ARLINGTON, Va. --
After returning home from the Battle of Iwo Jima and receiving the Medal of Honor, PFC Douglas T. Jacobson’s dedication to the Marine Corps was far from finished.
A native of Rochester, New York, Jacobson enlisted in the Marine Corps Reserve in 1943 at the young age of 17 and participated in campaigns for Tinian, Marianas Islands, and Marshall Islands before reporting to Iwo Jima.
During fierce combat, Jacobson’s famed actions including the total destruction of multiple enemy positions, earned him the Medal of Honor.
His citation reads,
“For conspicuous gallantry and intrepidity at the risk of his life above and beyond the call of duty while serving with the Third Battalion, Twenty-Third Marines, Fourth Marine Division, in combat against enemy Japanese forces during the seizure of Iwo Jima in the Volcano Islands, February 26, 1945.
“Promptly destroying a stubborn 20-mm. antiaircraft gun and its crew after assuming the duties of a bazooka man who had been killed, Private First Class Jacobson waged a relentless battle as his unit fought desperately toward the summit of Hill 382 in an effort to penetrate the heart of Japanese cross-island defenses.
“Employing his weapon with ready accuracy when his platoon was halted by overwhelming enemy fire on February 26, he first destroyed two hostile machine-gun positions, then attacked a large blockhouse, completely neutralizing the fortification before dispatching the five-man crew of a pillbox and exploding the installation with a terrific demolitions blast.
“Moving steadily forward, he wiped out an earth-covered rifle emplacement and, confronted by a cluster of similar emplacements which constituted the perimeter of enemy defenses in his assigned sector, fearlessly advanced, quickly reduced all six positions to a shambles, killed ten of the enemy and enabled our forces to occupy the strong point.
“Determined to widen the breach thus forced, he volunteered his services to an adjacent assault company, neutralized a pillbox holding up its advance, opened fire on a Japanese tank pouring a steady stream of bullets on one of our supporting tanks and smashed the enemy tank's gun turret in a brief but furious action culminating in a single-handed assault against still another blockhouse and the subsequent neutralization of its firepower.
“By his dauntless skill and valor, Private First Class Jacobson destroyed a total of sixteen enemy positions and annihilated approximately seventy-five Japanese, thereby contributing essentially to the success of his division's operations against the fanatically defended outpost of the Japanese Empire. His gallant conduct in the face of tremendous odds enhanced and sustained the highest traditions of the United States Naval Service.”
For his actions on Feb. 26, 1945, Jacobson was awarded the Medal of Honor by President Harry S. Truman. He continued his devotion to duty by reenlisting in 1946 and served as a recruiting sergeant and with 1st Marine Division in Peiping and Tsingtao, China.

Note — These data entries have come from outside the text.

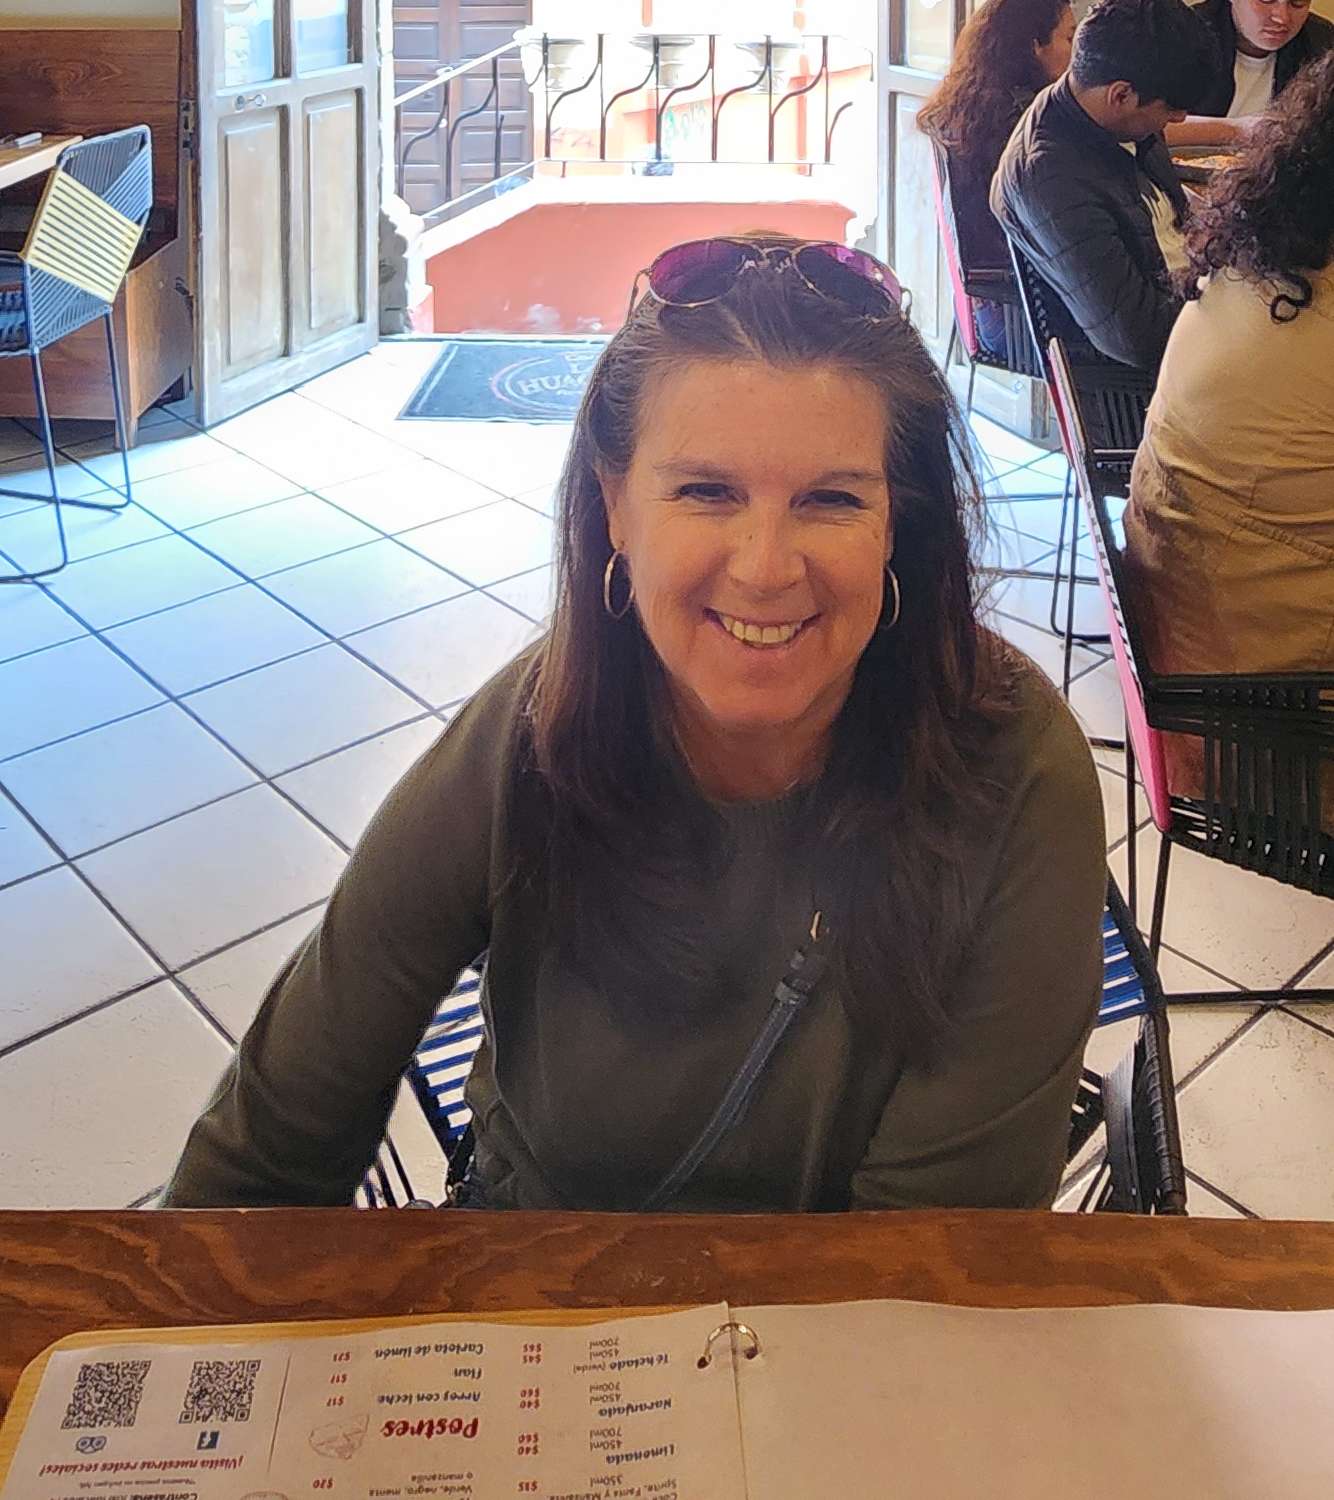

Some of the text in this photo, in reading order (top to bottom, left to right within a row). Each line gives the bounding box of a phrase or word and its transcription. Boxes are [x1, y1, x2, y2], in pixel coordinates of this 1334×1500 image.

[375, 1347, 412, 1360] limón
[415, 1345, 431, 1358] de
[433, 1343, 484, 1356] Carlota
[610, 1356, 654, 1371] helado
[377, 1394, 413, 1406] leche
[416, 1392, 440, 1404] con
[598, 1398, 672, 1418] Naranjada
[380, 1417, 479, 1440] Postres
[590, 1426, 622, 1438] 700ml
[517, 1439, 623, 1455] 450ml $40
[605, 1444, 675, 1465] Limonada
[39, 1455, 243, 1477] ¡Visita nuestras redes sociales!
[440, 1484, 472, 1494] Verde,

Jacobson served eight months in the Florida National Guard before being discharged to reenlist in the Marine Corps Reserve, which he was then ordered to active duty to attend the Officer Candidate Course at Quantico, Virginia.
Throughout his career as an officer, he served in various units as a detachment officer, guard officer, range officer, supply officer, as well as executive and commanding officer. Jacobson retired as a major in 1976 and lived in New Jersey to sell real estate.
He moved to Florida in 1987 and passed away in August 2000 at the age of 74.
Marines are charged with carrying forward the memories of those who fought before them. The core values of honor, courage and commitment connect today’s Marines to generations of warriors who committed themselves to the nation’s defense. We are Iwo.